There are downsides to false, misleading, or unsubstantiated product warnings. Psychological and other social science research suggests that overuse may cause people to pay less attention to warnings generally: “[A]s the number of warnings grows and the prevalence of warnings about low level risks increases, people will increasingly ignore or disregard them.” J. Paul Frantz et al., Potential Problems Associated with Overusing Warnings, Proceedings of the Human Factors & Ergonomics Soc’y 43rd Ann. Meeting 916, 916 (1999). Relatedly, “[wjarnings about very minor risks or risks that are extremely remote have raised concerns about negative effects on the believability and credibility of warnings.... In essence, such warnings represent apparent false alarms as they appear to be ‘crying wolf.’ ” Id. at 918; see also David W. Stewart & Ingrid M. Martin, Intended and Unintended Consequences of Warning Messages: A Review and Synthesis of Empirical Research, 13 J. Pub. Pol’y & Marketing 1, 7 (1994). If Berkeley wants consumers to listen to its warnings, it should stay quiet until it is prepared to present evidence of a wolf.

. I agree with the majority’s preemption analysis so dissent only from sections IV.A. 1., IV.B., IV.C., and IV.D. of the majority opinion.
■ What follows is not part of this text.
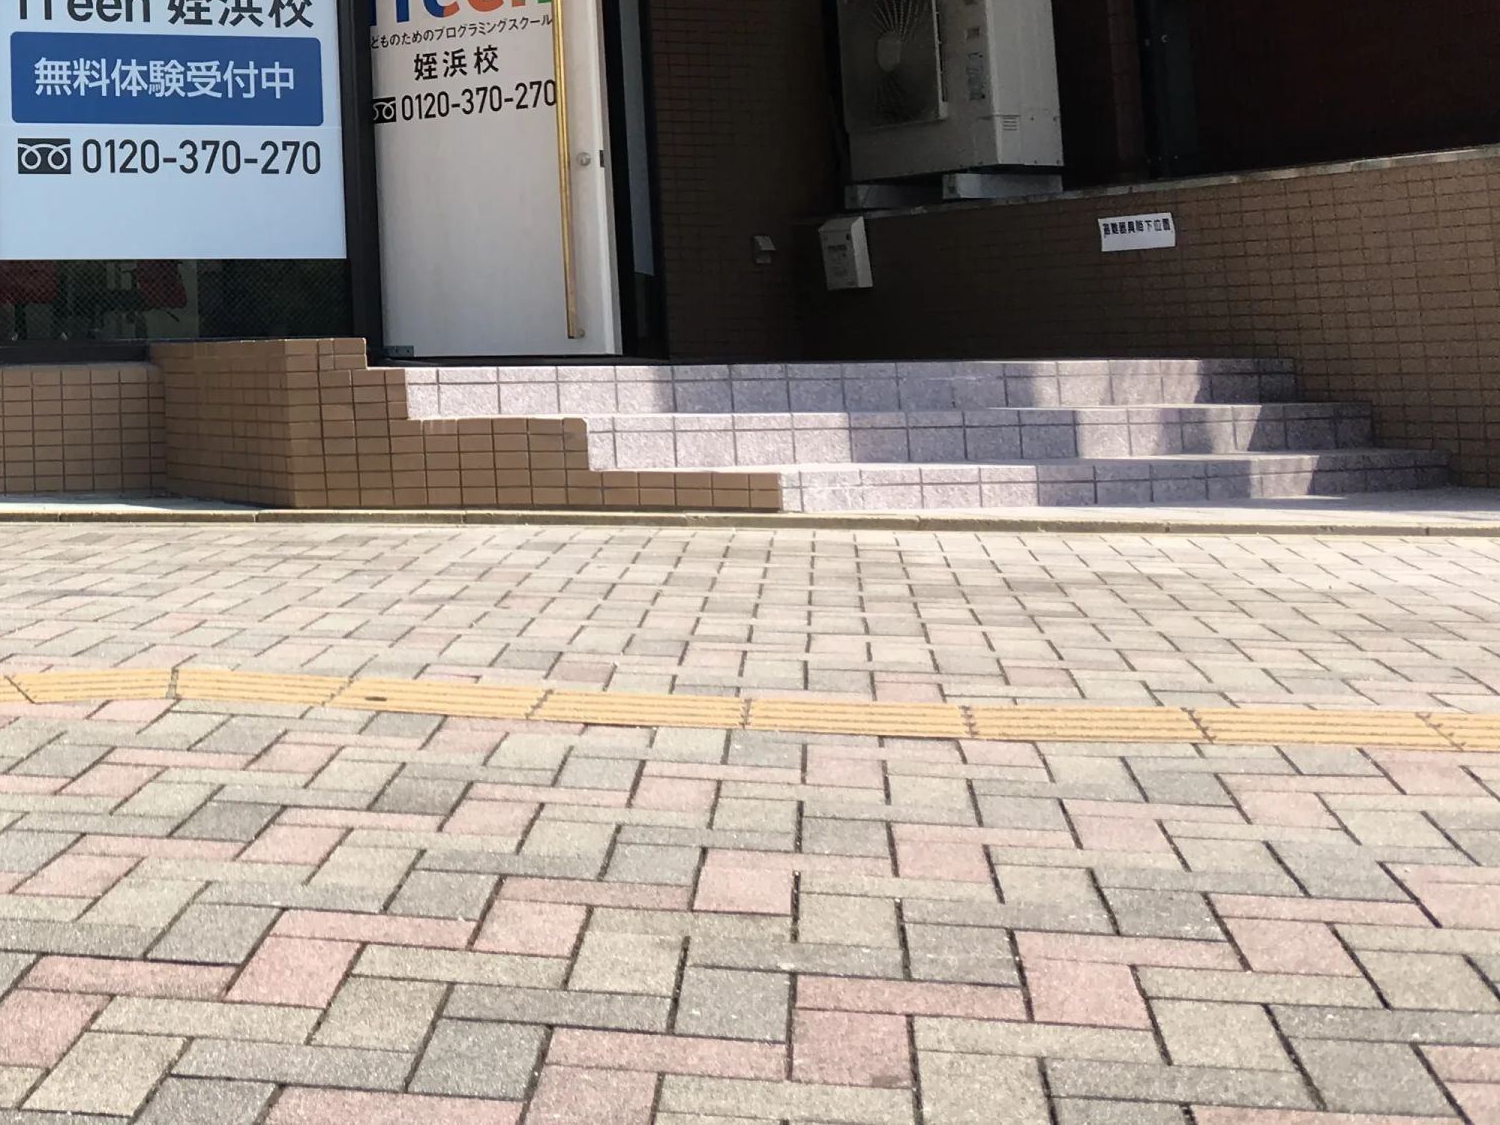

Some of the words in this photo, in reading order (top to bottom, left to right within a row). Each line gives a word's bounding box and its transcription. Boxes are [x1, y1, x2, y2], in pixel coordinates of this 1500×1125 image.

[33, 57, 295, 99] 無料体験受付中
[413, 44, 500, 81] 姪浜校
[401, 79, 557, 121] 0120-370-270
[82, 138, 322, 175] 0120-370-270
. Because even under Zauderer v. Office of Disciplinary Counsel of Supreme Court of Ohio, 471 U.S. 626, 105 S.Ct. 2265, 85 L.Ed.2d 652 (1985), any forced disclosure statement must be truthful, see id. at 651, 105 S.Ct. 2265, I do not think that any discussion of Zauderer is appropriate in this case. If nevertheless I were to consider the extent of Zauderer’s applicability, as the majority does, I would be inclined to conclude that Zauderer applies only when the government compels a truthful disclosure to counter a false or misleading advertisement. Given that the disclosure in Zauderer itself prevented an advertisement from being misleading, I have serious doubt that the Supreme Court intended the Zauderer test to apply in broader circumstances. See id. ("[W]e hold that an advertiser's rights are adequately protected as long as *1126disclosure requirements are reasonably related to the State’s interest in preventing deception of consumers.”). The majority’s contrary conclusion also seems to me to be in tension with our decision in Video Software Dealers, which treated Zauderer as applying only in the context of disclosures aimed at combatting otherwise misleading advertising. See 556 F.3d at 967 ("[T]he labeling requirement fails Zauderer's rational relationship test, which asks if the 'disclosure requirements are reasonably related to the State’s interest in preventing deception of customers.’ ” (quoting Zauderer, 471 U.S. at 651, 105 S.Ct. 2265)).